Spring Term 2018 - 2019
Professor: Monique Rodrigues Balbuena
- CRN 33036: Tuesday & Thursday, 10:00 - 11:50 @ GSH 130
This course is open to CHC students. Graduation Requirement: This class will fulfill the following requirement: a Social Science Colloquium (431H). If the student has already taken a Social Science Colloquium, this class will fulfill an Elective Colloquium.
In order to receive Colloquium credits, Honors College students will additionally do a book presentation, and write both an annotated bibliography and a 15-page take-home final research paper.

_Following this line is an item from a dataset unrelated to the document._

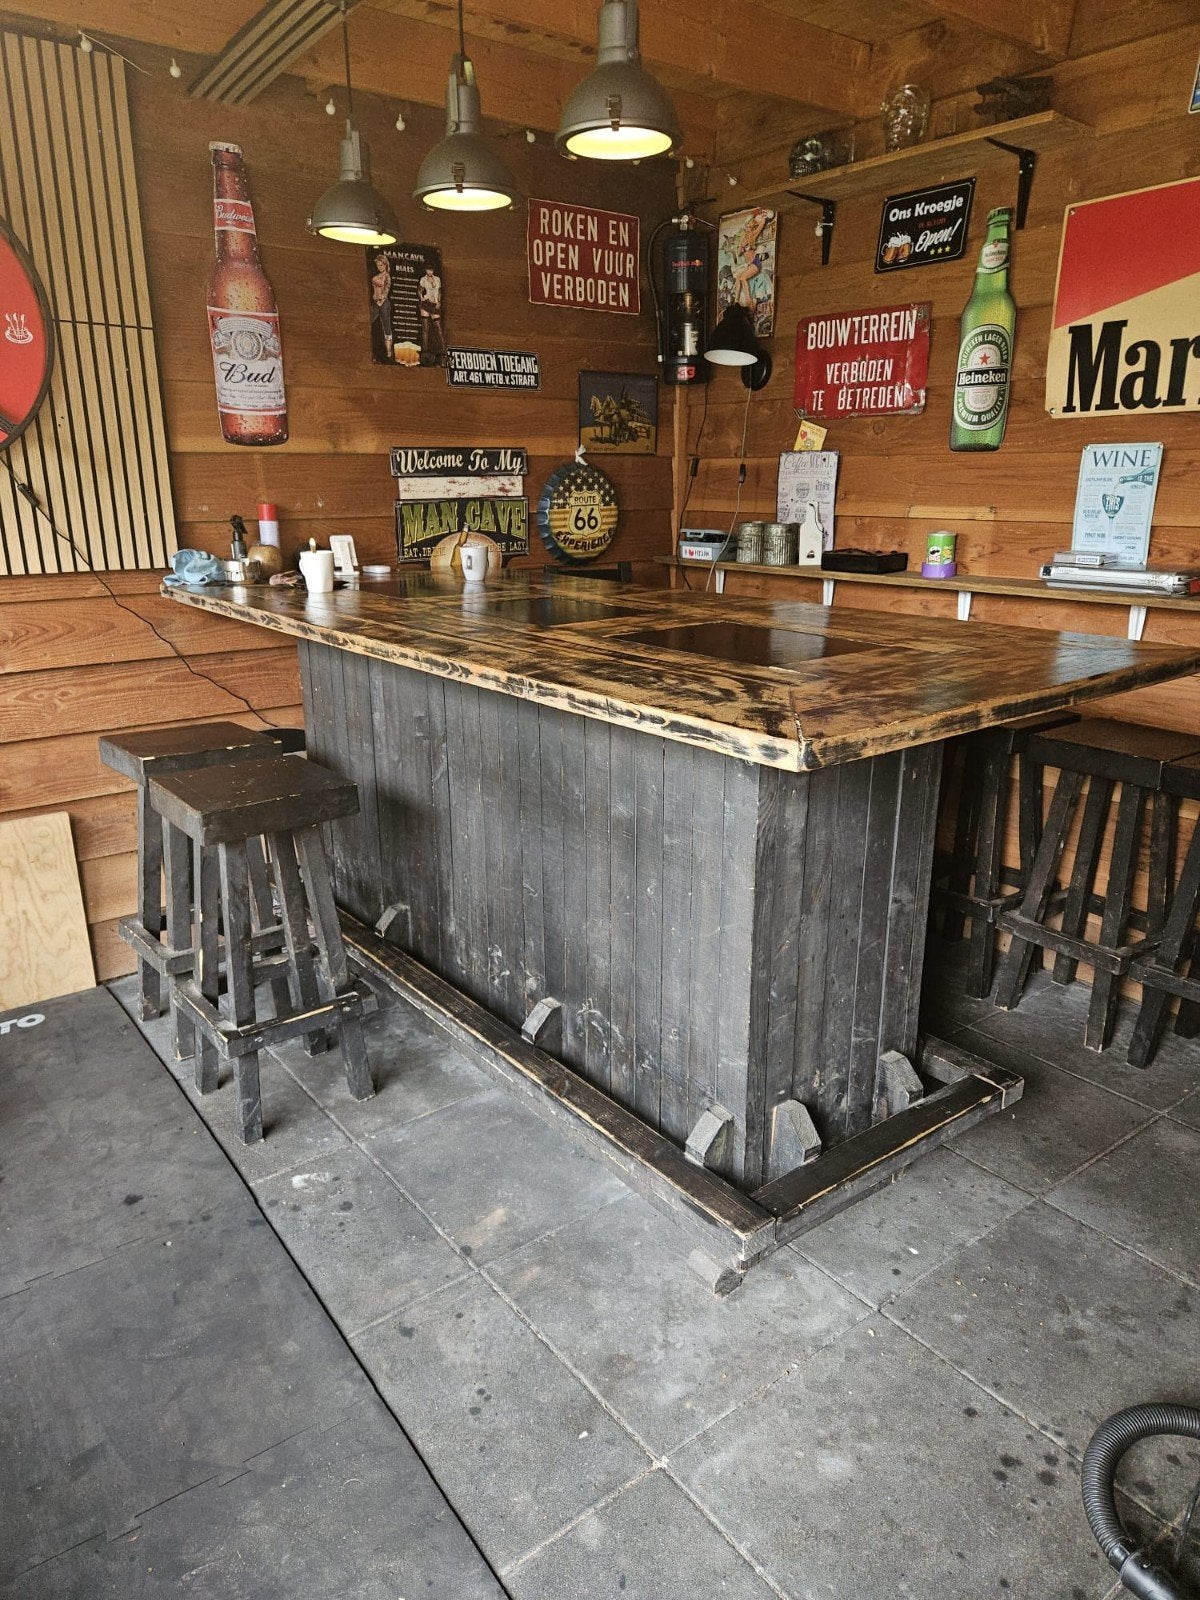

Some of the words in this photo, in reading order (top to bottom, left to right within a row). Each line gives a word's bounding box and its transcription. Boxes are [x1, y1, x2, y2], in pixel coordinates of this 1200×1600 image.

From the Spanish Expulsion in 1492 to legal Emancipation in 1791, Jewish culture, society and politics underwent significant changes. Jews faced unprecedent challenges with the advent of Modernity. In their complex transition from Medievalism to Modernity, Jews had to redefine what it means “to be Jewish” in virtually every aspect of life, from politics and religion, to art and music.
This course will look at this process of how Jews and Judaism were transformed, focusing on the aftermath of the Expulsion, the religious, intellectual and socio-economic dimensions of Sephardic dispersion, women’s lives, the Enlightenment and the Haskalah (the Jewish Enlightenment), and the impact of Emancipation in the lives of Jews in Europe and beyond.
We will read biographies of a German businesswoman, Glickl of Hameln, and of a Lithuanian German-language philosopher, Solomon Maimon. We will observe how some non-Jewish writers, such as Voltaire, Diderot, and Abbé Grégoire, viewed and represented Jews. We will read essays by the proponents of the Science of Judaism, and by those who shaped Reform Judaism, Modern Orthodoxy, and political Zionism. We will also look at the role of Jewish and non-Jewish languages in the development of a secular Jewish culture, and listen to music from Jews in Europe, Africa, and the Middle East.